Go through the listing below and repeat it exactly, dropping the pictures.

-*-*-

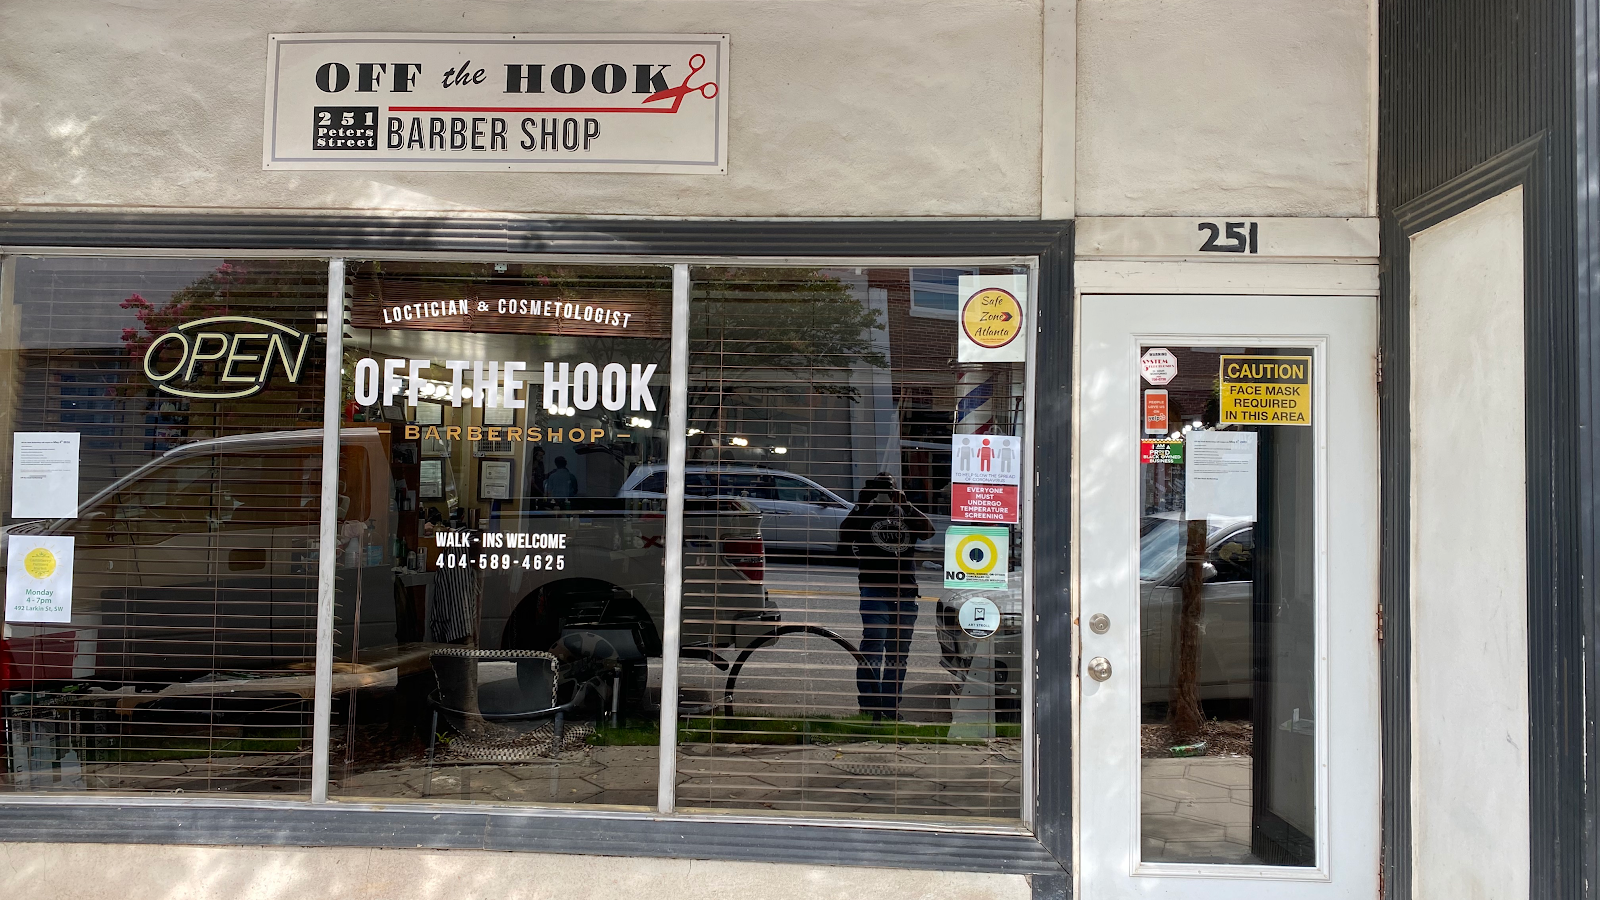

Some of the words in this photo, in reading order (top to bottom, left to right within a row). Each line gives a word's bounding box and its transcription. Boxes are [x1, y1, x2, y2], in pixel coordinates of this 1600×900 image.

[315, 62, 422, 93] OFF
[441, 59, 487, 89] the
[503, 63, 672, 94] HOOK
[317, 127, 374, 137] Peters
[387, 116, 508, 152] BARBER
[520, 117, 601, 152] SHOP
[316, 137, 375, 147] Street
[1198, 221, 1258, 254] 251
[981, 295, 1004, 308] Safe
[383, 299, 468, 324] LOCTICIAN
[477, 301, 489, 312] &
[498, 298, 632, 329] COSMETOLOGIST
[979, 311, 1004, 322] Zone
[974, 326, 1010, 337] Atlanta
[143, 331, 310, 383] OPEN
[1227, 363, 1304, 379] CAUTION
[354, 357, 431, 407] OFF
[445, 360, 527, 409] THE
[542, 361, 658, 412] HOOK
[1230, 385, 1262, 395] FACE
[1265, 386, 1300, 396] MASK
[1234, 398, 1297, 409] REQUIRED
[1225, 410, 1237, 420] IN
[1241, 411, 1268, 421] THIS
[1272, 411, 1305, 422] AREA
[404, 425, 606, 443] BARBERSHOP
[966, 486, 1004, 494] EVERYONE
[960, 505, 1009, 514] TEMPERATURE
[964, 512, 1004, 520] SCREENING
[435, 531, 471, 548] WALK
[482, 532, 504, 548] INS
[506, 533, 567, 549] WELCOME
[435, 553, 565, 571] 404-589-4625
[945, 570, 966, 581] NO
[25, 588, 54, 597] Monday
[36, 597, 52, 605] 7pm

-*-*-

## Your response
Some of the words in this photo, in reading order (top to bottom, left to right within a row). Each line gives a word's bounding box and its transcription. Boxes are [x1, y1, x2, y2], in pixel coordinates of this 1600×900 image.

[315, 62, 422, 93] OFF
[441, 59, 487, 89] the
[503, 63, 672, 94] HOOK
[317, 127, 374, 137] Peters
[387, 116, 508, 152] BARBER
[520, 117, 601, 152] SHOP
[316, 137, 375, 147] Street
[1198, 221, 1258, 254] 251
[981, 295, 1004, 308] Safe
[383, 299, 468, 324] LOCTICIAN
[477, 301, 489, 312] &
[498, 298, 632, 329] COSMETOLOGIST
[979, 311, 1004, 322] Zone
[974, 326, 1010, 337] Atlanta
[143, 331, 310, 383] OPEN
[1227, 363, 1304, 379] CAUTION
[354, 357, 431, 407] OFF
[445, 360, 527, 409] THE
[542, 361, 658, 412] HOOK
[1230, 385, 1262, 395] FACE
[1265, 386, 1300, 396] MASK
[1234, 398, 1297, 409] REQUIRED
[1225, 410, 1237, 420] IN
[1241, 411, 1268, 421] THIS
[1272, 411, 1305, 422] AREA
[404, 425, 606, 443] BARBERSHOP
[966, 486, 1004, 494] EVERYONE
[960, 505, 1009, 514] TEMPERATURE
[964, 512, 1004, 520] SCREENING
[435, 531, 471, 548] WALK
[482, 532, 504, 548] INS
[506, 533, 567, 549] WELCOME
[435, 553, 565, 571] 404-589-4625
[945, 570, 966, 581] NO
[25, 588, 54, 597] Monday
[36, 597, 52, 605] 7pm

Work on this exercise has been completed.